Matt Jones, senior consumer advice editor at Edmunds.com, knows the challenge well; he spent 12 years selling sedans and utilities. These days, as he drives past dealerships on his way to work in Santa Monica, Calif., he counts the share of old vehicles on the lot. The results haven't been encouraging. "Some of these cars could potentially have been sitting there since 2016," he said. "I've seen dealers sell brand new cars at used-car auctions just to get them off the lot."
The glut is corrosive to the auto market in a number of ways. Most directly, consumers find themselves with more power at the negotiating table. That leverage comes at a cost, trimming the profit margin for the dealer, the manufacturer or both. Eventually, an excess of inventory can also sour relations between those who make the cars and those who sell them.
"It's a complete boondoggle," Drury said. "You're causing competition among your own vehicles."
Next year's cars tend to show up in August, adding to the current year's inventory which dealerships rush to sell before Dec. 31, according to Truecar, an online shopping platform matching buyers with local dealers. "There's a challenge in managing the overlap," said Truecar Senior Vice President Eric Lyman. "Especially when you don't have a major product change, it becomes messy."

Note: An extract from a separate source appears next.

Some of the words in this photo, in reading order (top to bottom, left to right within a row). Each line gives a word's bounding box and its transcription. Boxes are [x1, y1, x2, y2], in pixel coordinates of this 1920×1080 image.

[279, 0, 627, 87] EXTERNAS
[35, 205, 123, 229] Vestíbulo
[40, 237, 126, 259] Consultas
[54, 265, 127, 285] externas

This year, the crush will come as consumers grapple with rising interest rates and gas prices. They're also starting to keep their vehicles on the road longer. New tariffs on aluminum and steel thanks to the trade war launched by U.S. President Donald Trump complicate the quandary for car companies, forcing them to choose between smaller profit margins or price hikes that could further cool sales. All of these factors will add to the industry's existing inventory problem, spelling bad news for manufacturers and dealers.

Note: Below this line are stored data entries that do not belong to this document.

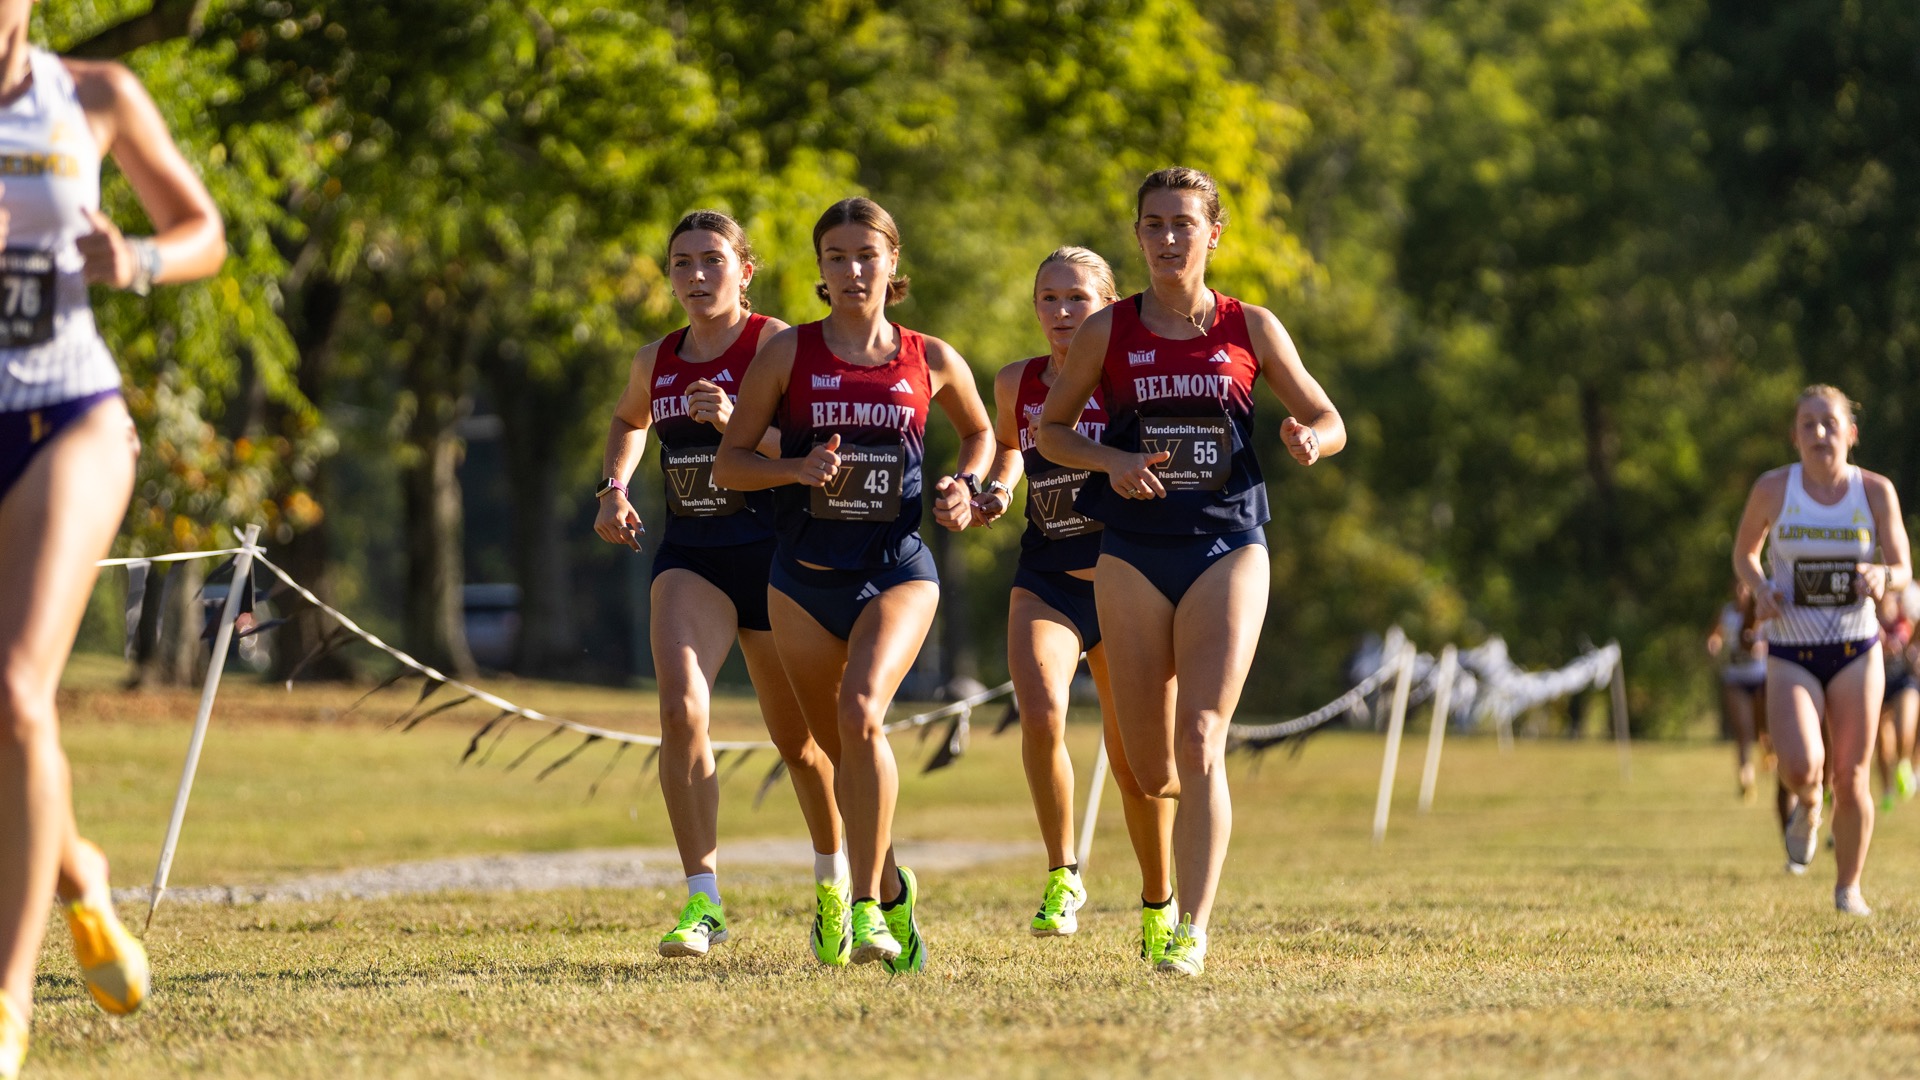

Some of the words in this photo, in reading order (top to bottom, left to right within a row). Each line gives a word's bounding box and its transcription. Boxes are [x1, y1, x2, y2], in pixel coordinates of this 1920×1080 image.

[3, 276, 41, 318] 76
[1128, 349, 1156, 365] VALLEY
[811, 374, 841, 388] VALLEY
[1134, 374, 1233, 403] BELMONT
[811, 401, 915, 432] BELMONT
[1145, 426, 1195, 434] Vanderbilt
[1197, 426, 1225, 434] Invite
[668, 455, 709, 465] Vanderbilt
[870, 453, 898, 463] Invite
[1193, 441, 1218, 465] 55
[863, 470, 890, 494] 43
[1032, 473, 1071, 489] Vanderbilt
[1158, 471, 1199, 480] Nashville,
[1200, 471, 1212, 479] TN
[682, 498, 716, 507] Nashville,
[828, 499, 869, 509] Nashville,
[871, 501, 883, 509] TN
[1046, 516, 1083, 530] Nashville,
[1830, 572, 1850, 594] 82

The year-end inventory collision may be particularly brutal at Nissan, which declined to answer questions for this story. In December of last year, only one out of five vehicles Nissan sold was a 2018 model. Even by spring of this year, the automaker was still selling 2017 cars and trucks.
Overly optimistic production decisions are just one piece of the puzzle, though. Sales of multiple model years are overlapping also because automakers roll out new product all year long. Gone are the days when the dealerships in town would close for the same week in late summer, put newspapers over the windows and prep the showroom floor with next year's machines.
"There is no typical anymore; we launch throughout the year," said General Motors spokesman Jim Cain. "Everything is based on the timing of engineering and manufacturing readiness." The 2017 Chevrolet Bolt EV, for example, didn't hit dealerships until December of 2016; meanwhile, next year's iteration of the popular Chevrolet Silverado pickup started selling last month.
Cain said GM is pleased with its inventory levels going into the busy holiday quarter. "If we have two model years on the ground in the first quarter, but sales are strong … we don't have a problem," he said.
When all goes well, a little overlap between model years is beneficial — the older vehicle draws a more frugal buyer. "When we do it well … it's almost like having two separate models," said Ray Mikiciuk, Honda's assistant vice president of sales. That said, Honda doesn't like to have any of its current cars around come New Year's Eve. "Certainly, that's not a strategy," Mikiciuk said.
In 2017, several of Ford's critical models launched relatively late in the year, including its Super Duty pickup. Still the company thinks the Edmunds data, which captures a sample of retail transactions, makes the model-year turnover challenge appear worse than it is. Ford's internal data, which also captures sales to rental-car fleets and government agencies, show less overlap between model years, according to Erich Merkle, the company's head of sales analysis.